Gut Infections Linked to Alzheimer’s: The Surprising Role of a Common Virus

A fascinating link has emerged from recent scientific investigations, connecting a long-lasting gut infection caused by the common cytomegalovirus (HCMV) to Alzheimer’s disease onset in a particular group of individuals.

This herpes virus, which many people encounter in their early years, has provided new insights thanks to groundbreaking research conducted by teams from Arizona State University and the Banner Alzheimer’s Institute, along with other esteemed collaborators.

Mechanisms Linking HCMV to Alzheimer’s Disease

Current evidence indicates that HCMV may persist in the gut, establishing pathways to the brain through the vagus nerve—a key channel between our gut and brain.

When the virus makes its way into the brain, it can disrupt immune responses and trigger brain changes that are known to characterize Alzheimer’s disease.

Thus, HCMV stands out as a potential target for antiviral treatments.

While HCMV is one of nine herpes viruses, it’s crucial to note that it isn’t classified as a sexually transmitted infection.

The virus spreads through infected bodily fluids and tends to reactivate under specific conditions.

Research Findings and Implications

The research team hypothesizes that a significant percentage of Alzheimer’s patients—between 25% and 45%—may have a distinct biological subtype of the disease.

This variant not only shows the hallmark amyloid plaques and tau tangles associated with Alzheimer’s but also exhibits a unique signature of viral presence, immune activity, and antibodies in the brain.

This informative study, published in “Alzheimer’s & Dementia: The Journal of the Alzheimer’s Association,” is the result of collaborative efforts among experts from ASU, Banner Alzheimer’s Institute, UMass Chan Medical School, and Mount Sinai’s Icahn School of Medicine.

The findings suggest that after exposure to HCMV, a chronic intestinal infection could develop, providing the virus an entry point into the bloodstream or allowing it to traverse the vagus nerve straight to the brain.

Once there, it can activate microglia, the brain’s immune cells, prompting them to express a gene called CD83.

This activation may contribute to the biological shifts linked with Alzheimer’s.

The Future of Alzheimer’s Research and Treatment

Initially, microglia serve as protectors of the brain in response to infections, but continuous activation can lead to persistent inflammation and neuronal harm—both of which are associated with the progression of neurodegenerative diseases like Alzheimer’s.

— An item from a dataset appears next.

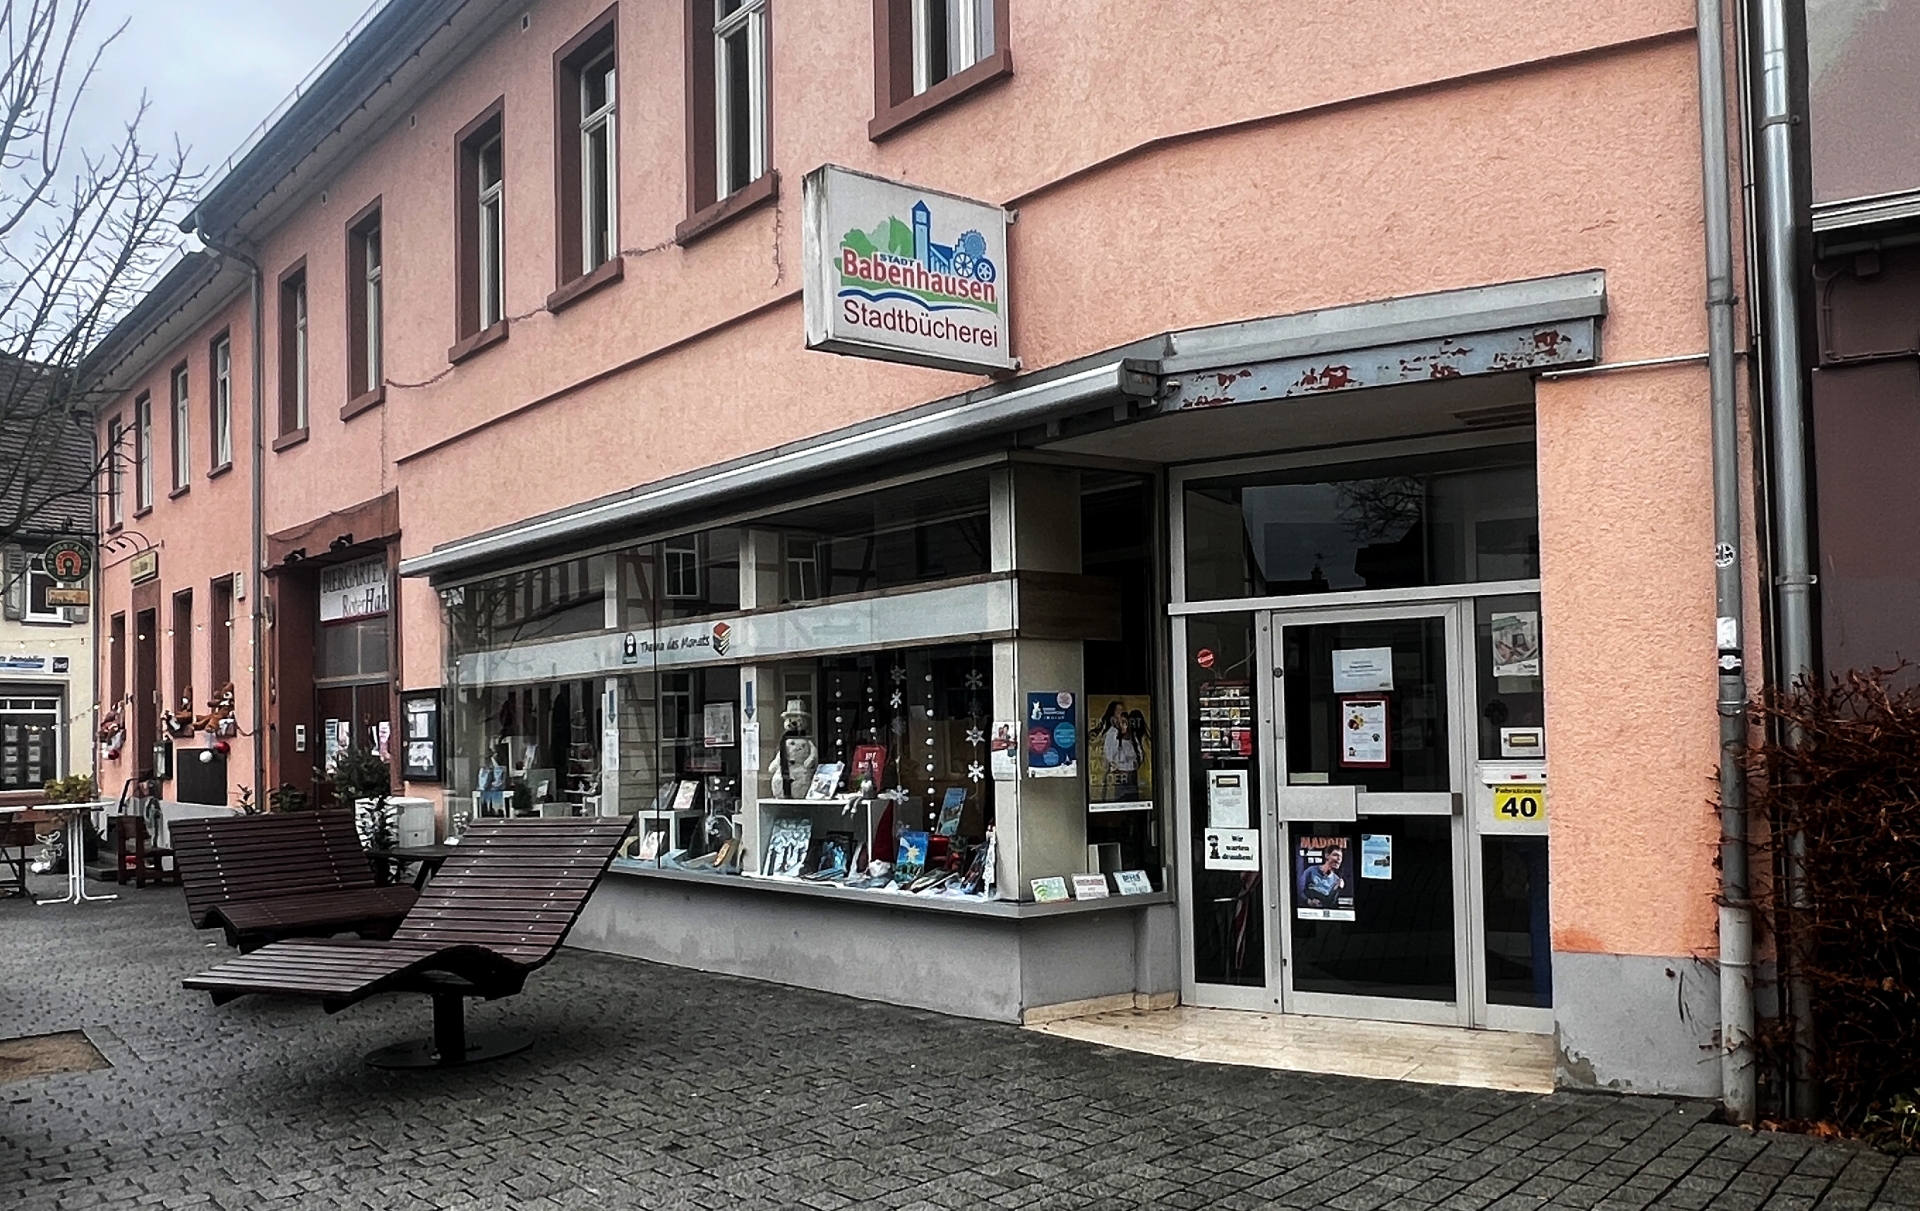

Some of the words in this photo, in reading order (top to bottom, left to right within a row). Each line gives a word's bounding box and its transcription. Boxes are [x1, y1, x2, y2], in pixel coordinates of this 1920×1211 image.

Prior research highlighted in “Nature Communications” revealed that postmortem brain evaluations showed an increased presence of CD83(+) microglia in individuals with Alzheimer’s compared to those without the disease.

This discovery led scientists to investigate the presence of antibodies related to HCMV in the intestines of these individuals.

The current research dives deeper, examining spinal fluid samples to confirm that antibodies specifically targeted HCMV.

It also explored the presence of the virus in both intestinal and brain tissues, thus reinforcing the association.

Moreover, researchers identified HCMV along the vagus nerve in the same study group, hinting at this as a route through which the virus might access the brain.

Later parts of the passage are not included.